A few fundamental patents are extremely valuable. (like "how to bend light with glass")
A few hundred mid ranking patents & A ton of low ranking patents.. 

Then when there's a conflict or a deal is being brokered the two parties can "weigh" each others patents piles and decide how to proceed. More patents puts them in a stronger position. A hundred patents for some general type of lens each with a subtle variation could help Canon prevent Nikon making an equivelent lens to one they're about to market.. perhaps a new 24-105 f4 respin is being backed up by a ton of "look-a-like" patents, or even the STM one is being backed up after the event... patents can take a long time to come through.


----------



## The Supplanter (Aug 6, 2015)

rfdesigner said:


> Businesses like Canon need a large pile of patents..
> 
> A few fundamental patents are extremely valuable. (like "how to bend light with glass")
> A few hundred mid ranking patents & A ton of low ranking patents..
> ...



I see. Thanks for the reply.


----------



## RGF (Aug 6, 2015)

Canon Rumors said:


> PA_phoxerballzz said:
> 
> 
> > Absolutely do not understand what the purpose of this lens would be. Would this replace something?
> ...



wonder if this lens will ever see the light of day (or is it just a blocking patent)


----------



## AdamF (Aug 6, 2015)

I like the focal length range.


----------



## liv_img (Aug 6, 2015)

PA_phoxerballzz said:


> Absolutely do not understand what the purpose of this lens would be. Would this replace something?

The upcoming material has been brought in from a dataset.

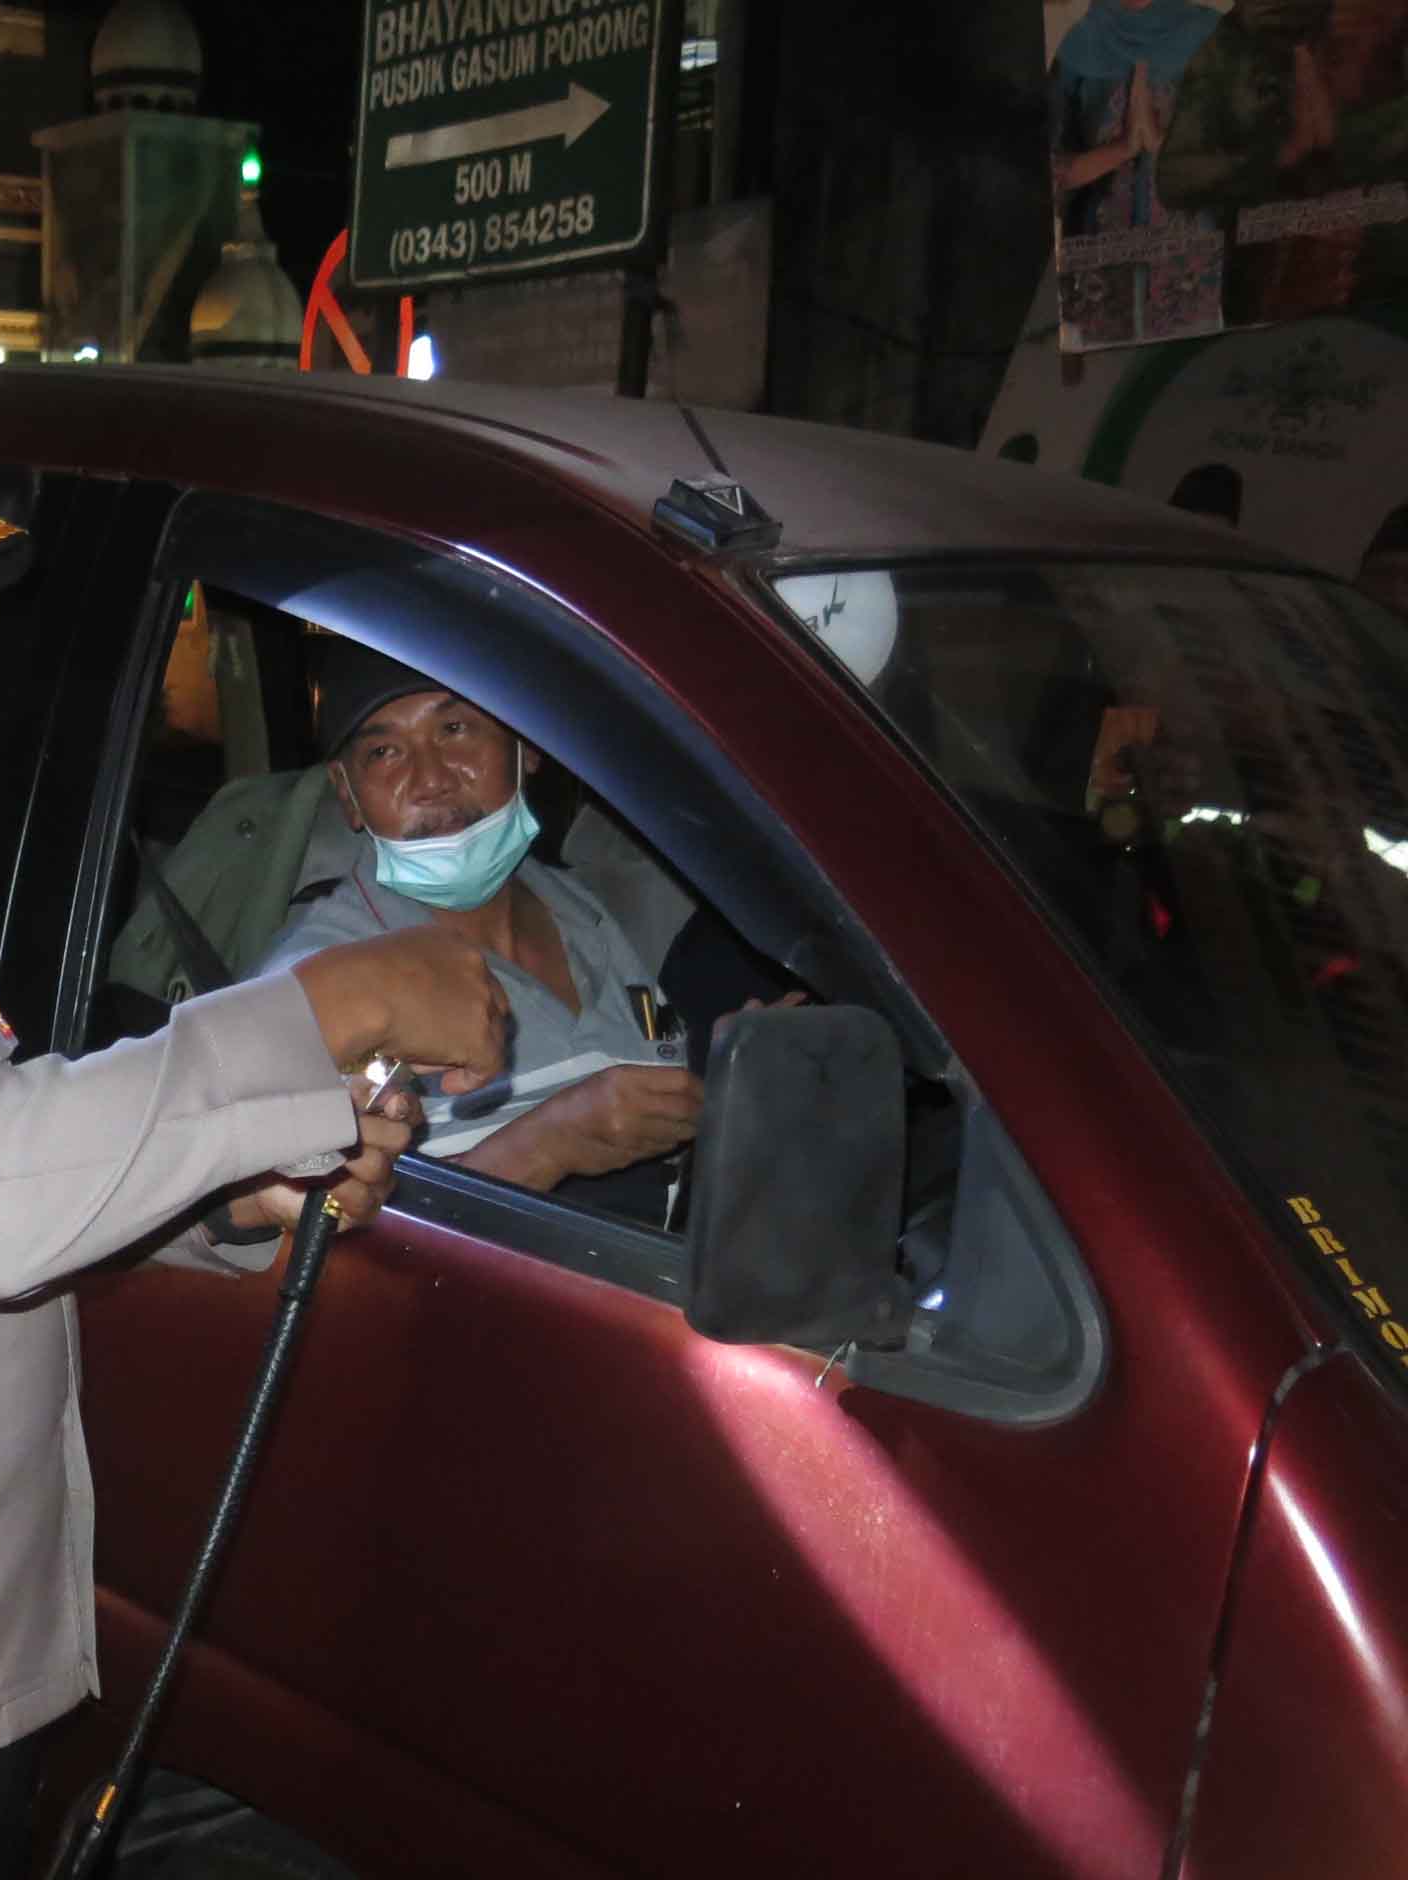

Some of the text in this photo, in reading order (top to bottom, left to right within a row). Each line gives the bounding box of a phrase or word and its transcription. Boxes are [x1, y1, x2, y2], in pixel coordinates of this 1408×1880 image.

No need to replace anything. It's an interesting travel lens. Better range than current 24-70 and 24-105mm. Nikon has one, although f:4. I would prefer f:4, also.


----------



## Maximilian (Aug 6, 2015)

Canon Rumors said:


> PA_phoxerballzz said:
> 
> 
> > Absolutely do not understand what the purpose of this lens would be. Would this replace something?
> ...


+1
Allthough an interesting focal zoom range it seems that Canon decided for the 24-105 version. 
So I believe in a "dead" patent.


----------



## Simen1 (Aug 6, 2015)

Nikon have one so Canon want one also. To avoid a patent conflict with Nikon they add IS to the design and adjusts the optical formula.


----------



## JonAustin (Aug 6, 2015)

I sure would like to see a 24-105/4L IS II (or 24-1xx) with improved optics, latest IS and coatings, etc., to replace the current 24-105L.


----------



## Maximilian (Aug 6, 2015)

JonAustin said:


> I sure would like to see a 24-105/4L IS II (or 24-1xx) with improved optics, latest IS and coatings, etc., to replace the current 24-105L.


+1 would be nice but with Canon's latest releases (24-70ies) I don't see such a lens within the next 3 years if ever :-\


----------



## LonelyBoy (Aug 6, 2015)

JonAustin said:


> I sure would like to see a 24-105/4L IS II (or 24-1xx) with improved optics, latest IS and coatings, etc., to replace the current 24-105L.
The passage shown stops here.